Walls with iron gratings in window openings rather than glass; inside and outside life that will erupt in a few hours and converge together in the intimacy of a gigantic, town-sized family gathering. Aromas from the several kitchens wafting through the air, and the occasional break-out of that really loud music as people relax to their personal form of therapy. All for one, one for all. Tables and chairs set out on streets under poles that support a thin tarp - pop-up restaurants of tacos and burritos, tradition of many years. Dogs and children everywhere as families make their after-dinner trek to the ocean for the wild and breathtaking canvas of the sunset, putting to rest another day.

This one has been quiet.





Wednesday, February 14, 2018

LOCO FOR COCO

Yes, I have been going crazy trying to find a vendor of coconut water. Usually I see them on the street here in the tiny pueblo in Mexico, but of course, since I was sick, and still (pity me) not the hearty girl I usually am, I have not been able to catch him. And it's so health-producing.
So today I went down the cursed huge hill to the main street, and wandered there in the heat until I did in fact locate the stall. Got the coco water, got the coconut meat, and started back in the noonday sun, where only mad dogs and Englishmen go, up that goddamn cursed hill again to return home.

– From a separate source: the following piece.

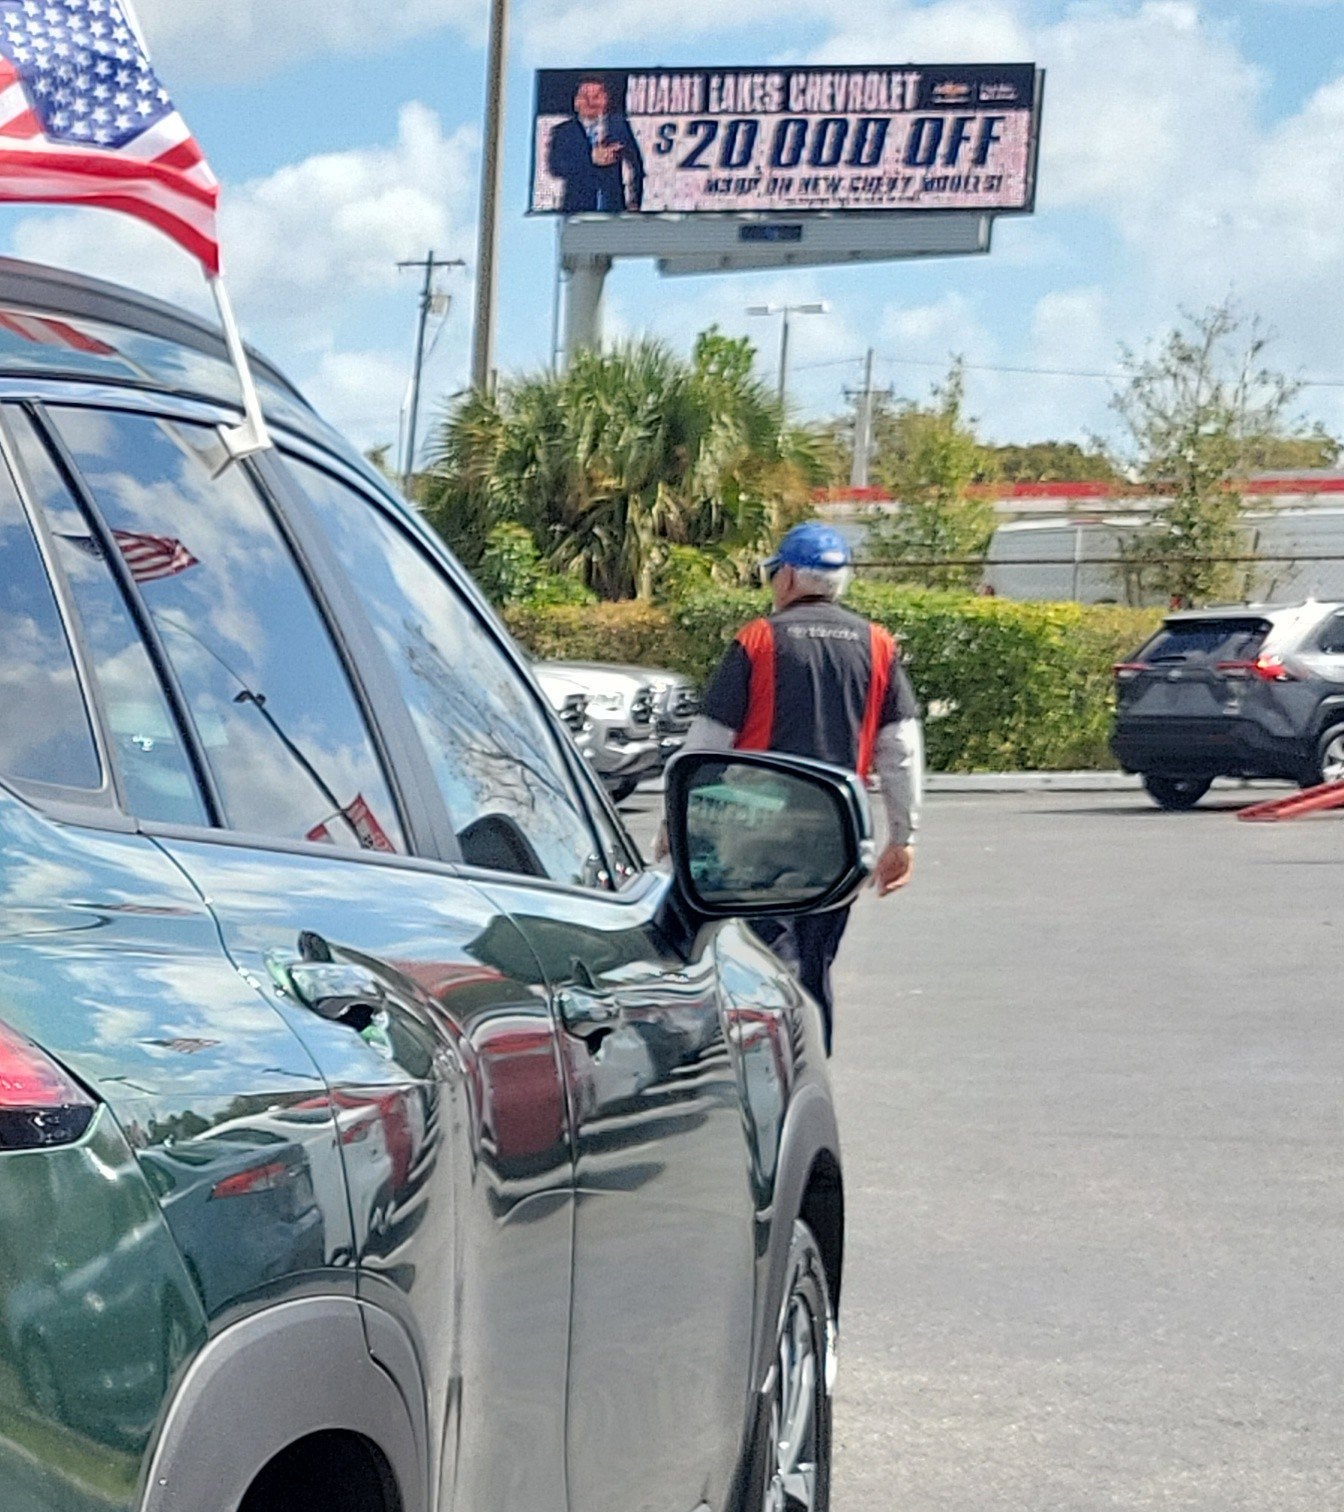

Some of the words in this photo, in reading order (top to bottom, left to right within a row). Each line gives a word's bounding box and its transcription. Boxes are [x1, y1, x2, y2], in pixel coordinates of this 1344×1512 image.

At that time of day, the shade is disappearing, but there was a patch half-way up, and a good thing too, because I had to stop for a rest, and get my breath back. I stood there, put my packages down, and it was there that I felt it - the breeze that was high today; the summer wind - and that put me in mind of the song, and that in turn put me in mind of dancing to that song with someone many years ago. Oh, it seems so far back now that it's like a dream, but I did dance then, and it was oh, so romantic. Remembering the romance put me in mind that it is St. Valentine's Day today, the day for romance, and there I was, alone on a dusty road, with only memories.

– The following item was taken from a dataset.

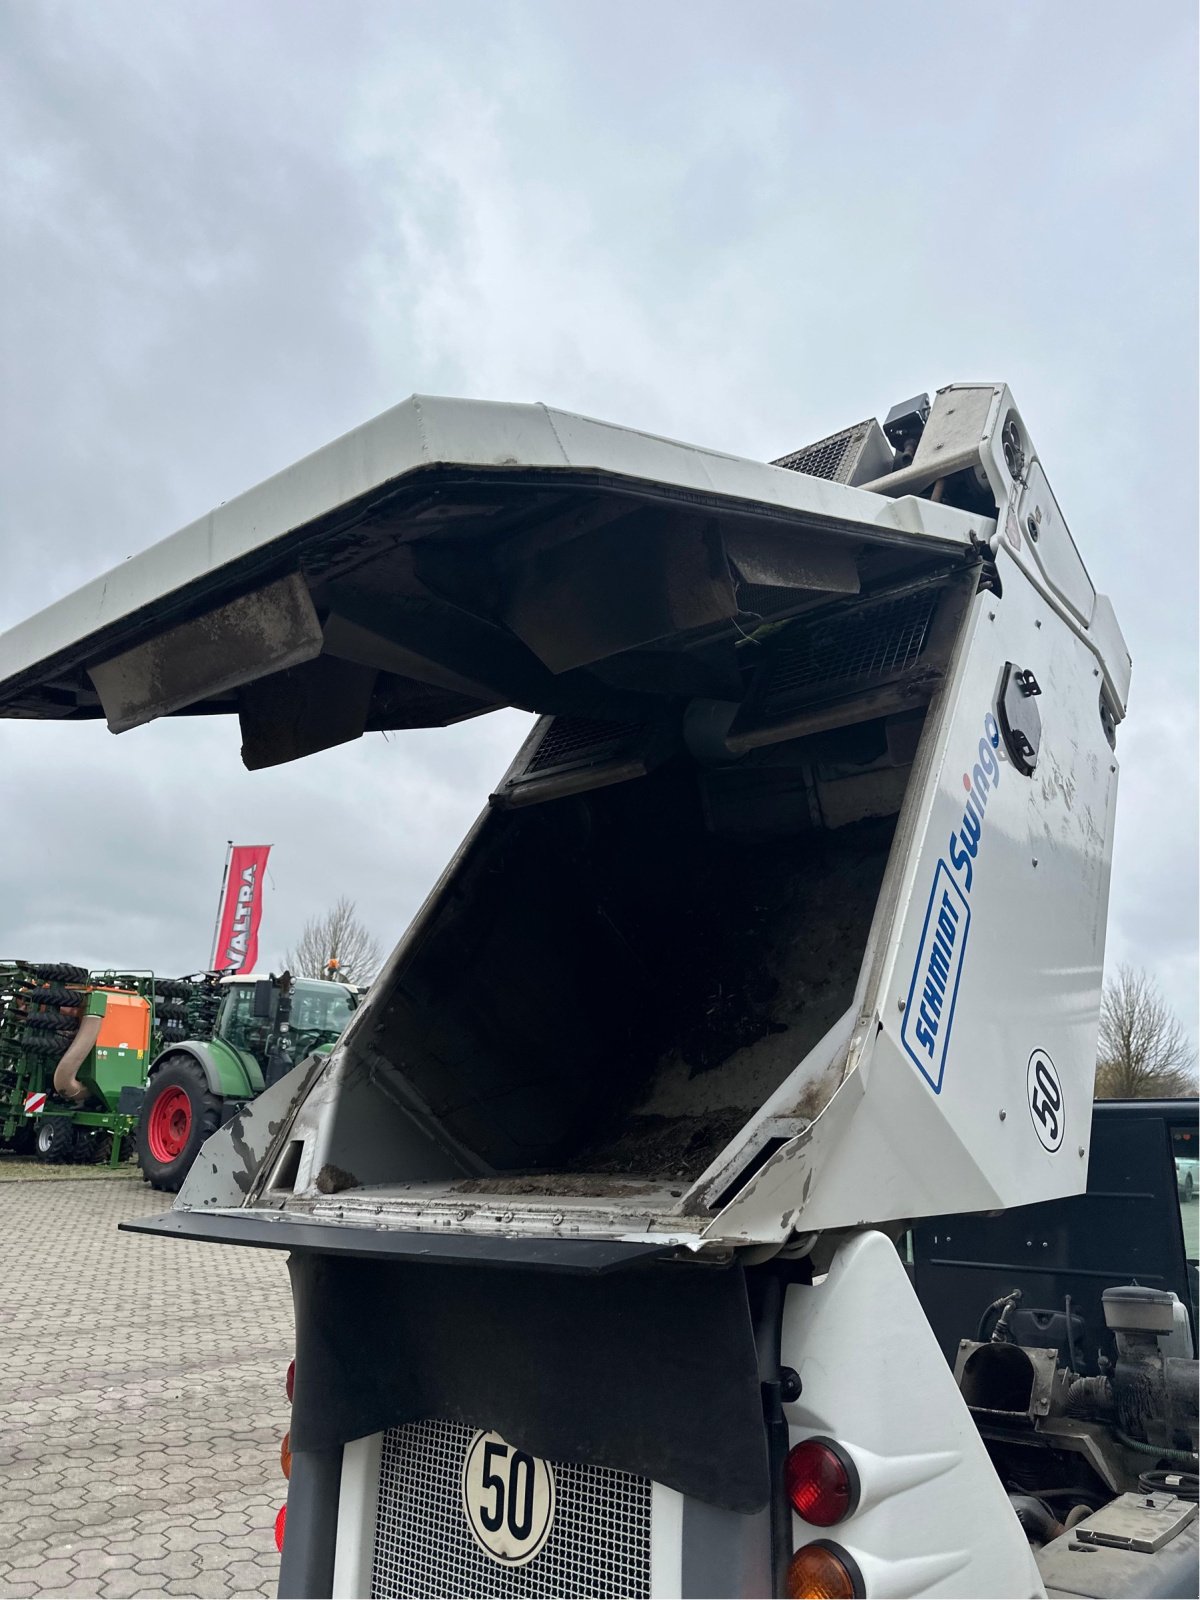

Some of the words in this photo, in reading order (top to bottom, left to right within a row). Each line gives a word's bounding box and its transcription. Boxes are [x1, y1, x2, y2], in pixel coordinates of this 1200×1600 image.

I guess memories are worth something. At least they're better than having no memories, better than never having lived, or loved, blah blah, blah blah. I have certainly lived, and I will certainly keep on living, and maybe, if the timing is right, loving. For the present, though, the summer wind felt good, there on the cursed hill and the dust that covers everything. I was right beside an over-sized mausoleum of the graveyard, which put me in mind of the poppies I planted once at my (then) new house in the countryside of Ontario. I called the little garden "The Graveyard of Broken Dreams", and waited for the poppies to bloom, as I wait now for new love, and for my breath to return.

Meanwhile, after being sick, and after I had emptied my body, via some kind of bug, of everything inside me, I was inspired to create a quite lovely tune, with lyrics, which I named, "Empty of Love". Like Edith Piaf, "je repars à zero" - I am starting again at zero. It's a very good song, one I think Diana Krall should record, and one of these days, I might write her and suggest it. Just gotta get my strength, and nerve, up. Here I am, silhouetted as I am moved by the muse the day I wrote it, and then again today, and here as well, is a pretty little Valentine's heart, with wishes for love for this loco world.